AHDB reports that GB milk production was down 0.9% in the April-July compared to the same period in 2023.  However, with prices firming and reasonably good weather conditions, it is believed that production for the rest of the summer and autumn will at least match last-year’s levels.

In global terms, milk production in the main exporting countries is forecast to be almost static in 2024 (down 0.1%).  Output declines in NZ, Argentina and the UK are matched by increases in the US, EU and Australia.

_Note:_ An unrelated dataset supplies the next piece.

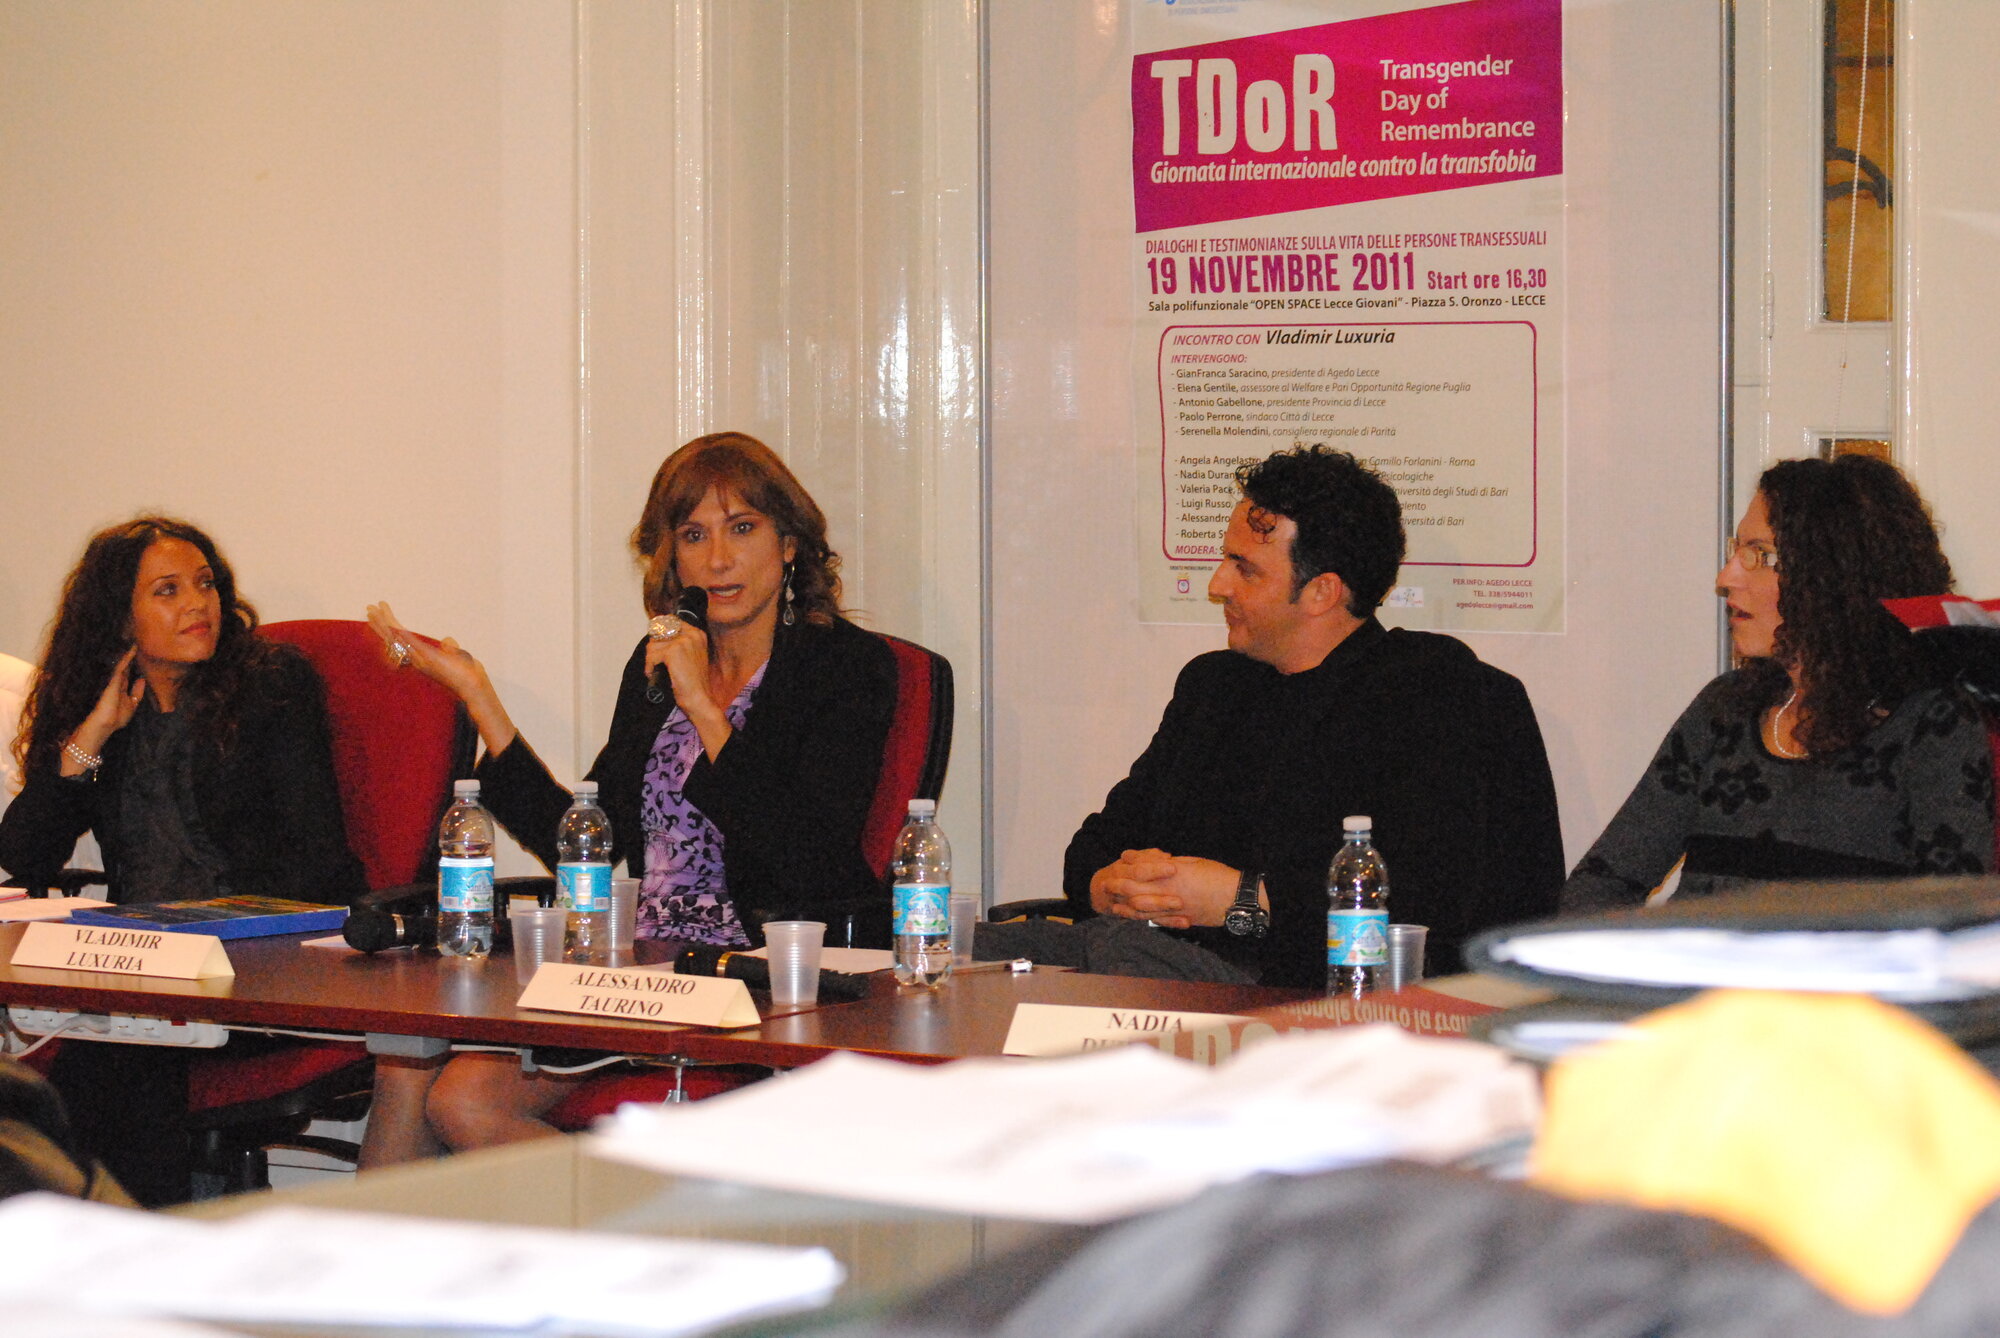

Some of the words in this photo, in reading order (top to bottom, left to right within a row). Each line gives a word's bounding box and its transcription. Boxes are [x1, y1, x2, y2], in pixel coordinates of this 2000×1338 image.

Such meagre growth in output is contributing to firming prices.  However, increases have been slow as global demand remains weak.  In particular, Chinese demand has been very poor.  It imported its lowest amount of dairy products since 2018 in the first half of 2024.  Part of this is down to the continued struggles of the Chinese economy.  However, the country has made significant investments in its own dairy sector and is now satisfying more of its own demand.  Chinese imports may therefore be less of a factor in driving global prices in the future.

Prices

At the latest GDT auction on the 20th August the index rose by 5.5% to reach $3,920 per tonne.  This is the highest level seen since the summer of 2022 and is now 36% higher than the same time last year.

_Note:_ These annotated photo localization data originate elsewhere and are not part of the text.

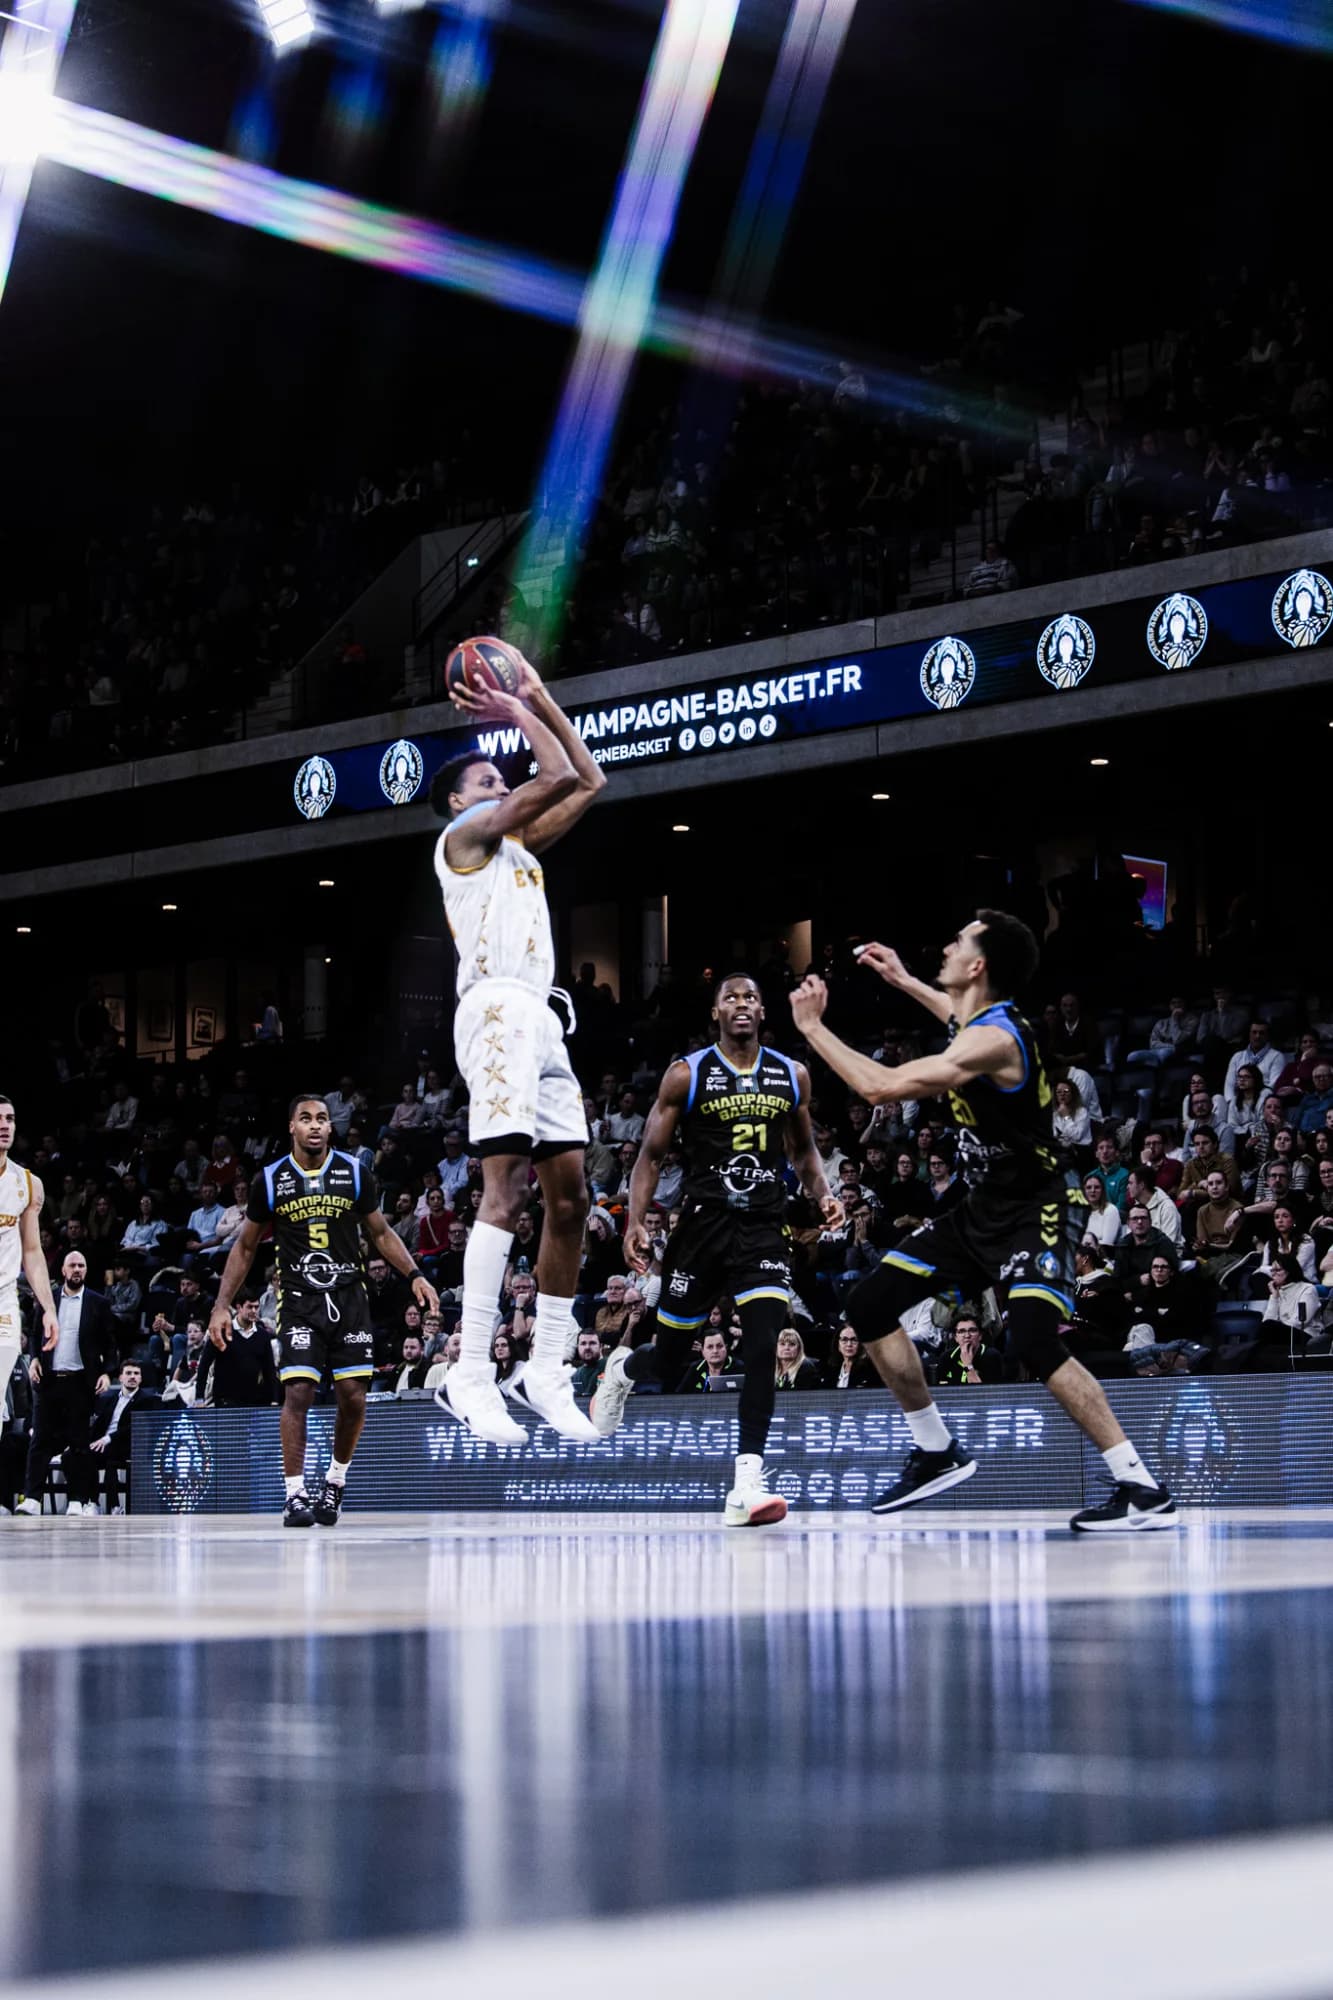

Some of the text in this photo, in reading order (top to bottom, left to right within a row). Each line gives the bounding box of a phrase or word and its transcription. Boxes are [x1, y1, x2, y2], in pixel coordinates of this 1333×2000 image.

[700, 1094, 791, 1115] CHAMPAGNE
[719, 1105, 779, 1121] BASKET
[732, 1123, 767, 1152] 21
[276, 1195, 354, 1216] CHAMPAGNE
[289, 1206, 343, 1222] BASKET
[308, 1223, 330, 1250] 5
[669, 1278, 689, 1293] ASI
[291, 1333, 311, 1347] ASI

Domestic farmgate milk prices also continue to edge upwards.  A number of companies have announced price increases from the 1st September.  Amoung these are;

  • Muller – standard litre up 1.25ppl (to 40.25ppl)
  • First Milk – manufacturing price up 1ppl (to 42ppl)
  • Leprino Foods (previously Glanbia) – up 1ppl to 41.5ppl
  • Meadow Foods – price up by 1.5ppl

Pest des Petits Ruminants (PPR)

New controls came into force in England from 21st August and in Wales from 22nd August to safeguard Britain’s sheep and goat populations from outbreaks of Peste des Petits Ruminants (PPR).  PPR poses no risk to human health but is a highly contagious disease affecting goats and sheep.  The new controls will strengthen the requirements for bringing sheep and goat meat and milk into Great Britain from the European Union (EU), European Free Trade Association states, Greenland and Faroe Islands.  In recent months, there have been outbreaks in mainland Europe, and the commercial import of certain commodities is already restricted to prevent the spread of PPR into Great Britain.  However, the new rules will mean it is now no longer permitted to bring unpackaged sheep and goat meat and meat products, or sheep and goat milk and milk products, from these areas.  Additionally, commercially produced and packaged sheep and goat milk and milk products are not permitted from Greece or Romania.  Scotland is expected to introduce new controls shortly.

 

Beef and Sheep Markets

Beef

The GB cattle price has risen sharply since the middle of July.  The GB deadweight steer overall price stood at 493.1p per kg for the week ending 17th August; up over 12p per kg in the last two weeks.  For the same week in 2023, the price had fallen to 456.7p per kg, before rising throughout the autumn.  Domestic supplies are tight which is supporting prices.  However, ther are reports of an increase in imports from Ireland where export prices have become more competitive recently.  Official import data will not be available for a few weeks yet, but if this is the case the buoyant prices suggests market demand is able to currently absorb this.

Sheep

The GB deadweight New Season (NS) lamb price has remained stable since the middle of July after declining sharply during June.  The NS SQQ deadweight price stood at 664.8p per kg for the w/e 17th August, this compares with 580.7p per kg for the same week in 2023.  Tight domestic supplies and a strong export market are supporting prices.  Furthermore, recent price increase for lamb in both Australia and New Zealand should further support domestic prices.  Imports from these countries have been higher this year than in 2023 because the price has been so competitive.  But in NZ, where prices have been pressured all year, they have risen by 18p per kg in the 3 weeks to August 10th as supplies tighten.  The situation is similar in Australia where it appears demand for lighter lambs earlier in the season means more were slaughtered, impacting supply now.